Enfin, Emmanuel Macron pourrait envisager de construire une large coalition, allant de la droite au Parti socialiste – une hypothèse qui a également échoué au lendemain des élections législatives, le NFP étant resté uni. “Il y a un point d’équilibre à trouver” pour durer jusqu’en juillet, date auquel une nouvelle dissolution de l’Assemblée nationale sera possible, glisse son entourage.

“Nous avons besoin d’une nouvelle méthode : travailler, y compris avec les socialistes (…) pour un gouvernement non censurable jusqu’en juillet prochain.”

L’entourage d’Emmanuel Macron

at France Télévisions

“Il faut éviter d’être sous la menace de la censure pendant des mois, et la seule voie que je vois aujourd’hui est du côté des socialistes”dit aussi un sénateur macroniste. Le PS voudrait travailler sur “un accord de non-censure”explique le député Arthur Delaporte. L’objectif est de discuter avec tous les partis présents à l’Assemblée, à l’exception du RN, pour élaborer un accord qui permettrait de nommer un nouveau gouvernement, « avec à sa tête une personnalité de gauche »précise le député du Calvados.

L’idée a été reprise par l’ancien Premier ministre Gabriel Attal, qui envisage de proposer son propre pacte de non-agression. En cas de censure gouvernementale, le président du groupe Ensemble pour la République entend appeler tous les partis républicains, à l’exception du Rassemblement national et de La France insoumise, à trouver un compromis, a appris le service politique de franceinfo. L’idée est que chaque parti se sent libre de voter pour ou contre une proposition du prochain Premier ministre, mais s’engage à ne pas le censurer à la moindre occasion. « Il faut surmonter les divisions pendant un an ou deux pour sortir de la crise »» pousse un exécutif du parti Renaissance.

Faire adopter un budget… mais comment ?

Le le projet de loi de finances a été rejeté lors d’un vote à l’Assemblée le 12 novembre. Depuis le 25 novembre, il est examiné par le Sénat. En cas de censure, les avocats sont divisés sur le sort du budget 2025, constate Le monde. « Le texte ne meurt pas si le gouvernement tombe »assure le constitutionnaliste Benjamin Morel à franceinfo. Les débats seraient simplement gelés jusqu’à ce qu’un gouvernement reprenne le projet de loi de finances.

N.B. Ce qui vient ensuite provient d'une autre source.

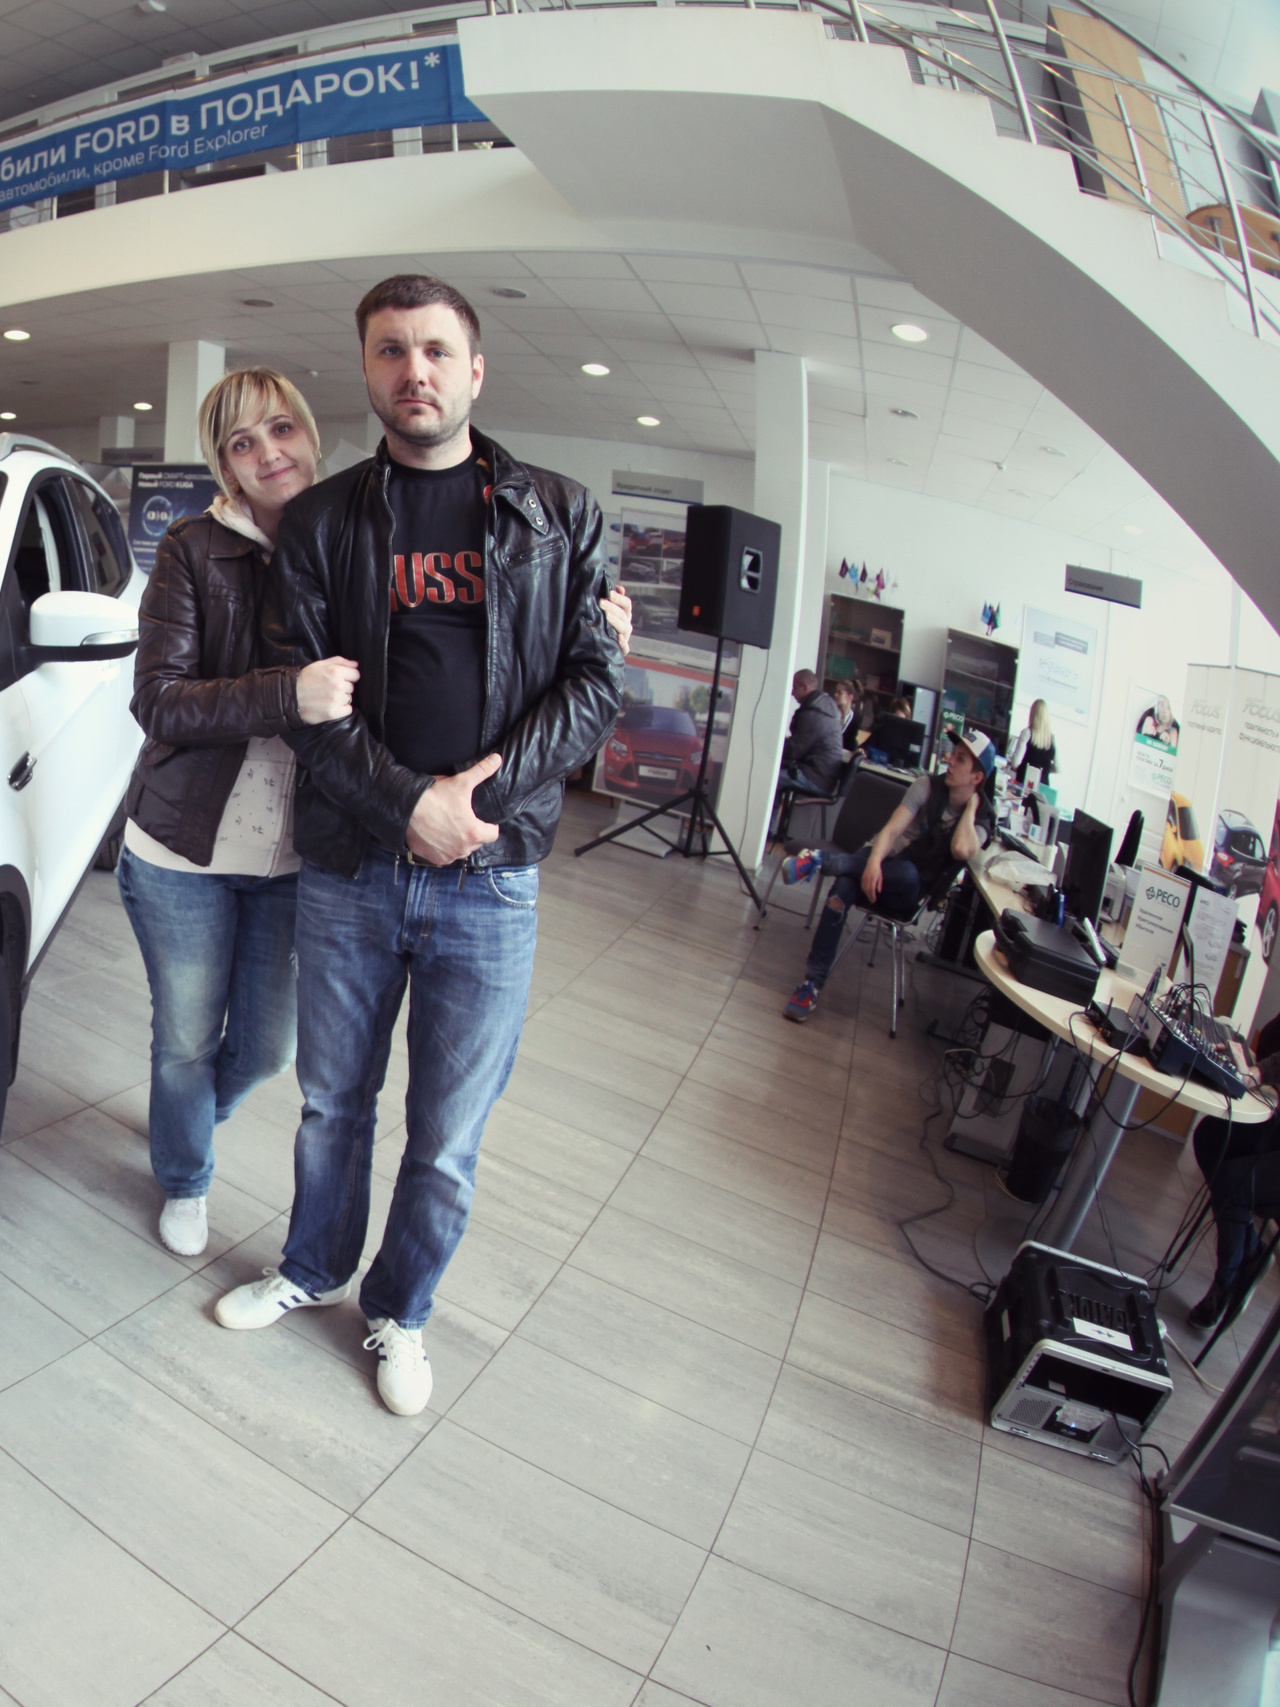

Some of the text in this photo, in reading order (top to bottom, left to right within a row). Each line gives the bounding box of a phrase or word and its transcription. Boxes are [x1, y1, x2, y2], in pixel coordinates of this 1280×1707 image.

[74, 114, 161, 159] FORD
[170, 115, 190, 135] в
[93, 152, 145, 177] кроме
[148, 141, 189, 161] Ford
[194, 124, 269, 156] Explorer
[390, 551, 484, 612] USS

Mais ce texte aurait-il un avenir ? En cas de nomination d’un Premier ministre du même côté que Michel Barnier, “on peut supposer qu’il [tenterait] pour adopter le même budget, avec en l’occurrence une motion de censure le 20 décembre″estime Eric Coquerel. Un gouvernement démissionnaire ne serait pas mieux placé pour faire adopter le budget, puisque le Premier ministre ne pourrait pas engager sa responsabilité en utilisant l’article 49.3. Par ailleurs, la possibilité de faire adopter le budget par ordonnance, permise par la Constitution, a été écartée par le gouvernement.

Un gouvernement d’une autre couleur politique que celle de Michel Barnier pourrait tenter « modifier suffisamment le budget pour tenter de faire passer la partie recettes » d’ici fin décembre, délai fixé par la Constitution. Mais le timing est extrêmement serré et nécessite de pouvoir prendre ses responsabilités sans être censuré par l’opposition – un scénario qui n’est, en l’état actuel des choses, acquis par aucune force politique.

“L’option la plus probable”selon Eric Coquerel, n’est donc qu’un « loi spéciale » être voté pour permettre la collecte des impôts et le fonctionnement de l’État au minimum, afin de « tenir quatre à six semaines, en attendant un nouveau budget » début 2025. L’hypothèse, permise par l’article 45(Nouvelle fenêtre) de la loi organique relative aux lois de finances, a été évoquée par le Premier ministre sur TF1.

“Si le gouvernement tombe, il y a des mesures d’urgence que nous prenons avec le Parlement pour pouvoir payer.”

Michel Barnier, Premier ministre

sur TF1

“Plusil a continué, cela ne couvre pas toute l’année 2025 et surtout cela n’empêche pas la crise ou la méfiance des marchés financiers, ni que tout s’arrête et qu’il faille recommencer.»

De la même manière, la censure du gouvernement Barnier ne ferait pas non plus baisser le budget de la Sécurité sociale. Mais, en l’absence d’une majorité capable de faire adopter ce texte ou un autre d’ici la fin de l’année, l’urgence sera de trouver un financement pour la Sécurité sociale. Pour financer une partie de ses dépenses, cette dernière emprunte de l’argent sur les marchés grâce à l’Agence centrale des organismes de sécurité sociale (Acoss) avec l’autorisation du Parlement, rappelle Les Echos. Cette dernière devrait donc adopter en urgence une loi spéciale permettant à la Sécurité sociale de se financer en empruntant sur les marchés financiers. Dans le cas contraire, le versement des prestations sociales ne pourrait être assuré indéfiniment.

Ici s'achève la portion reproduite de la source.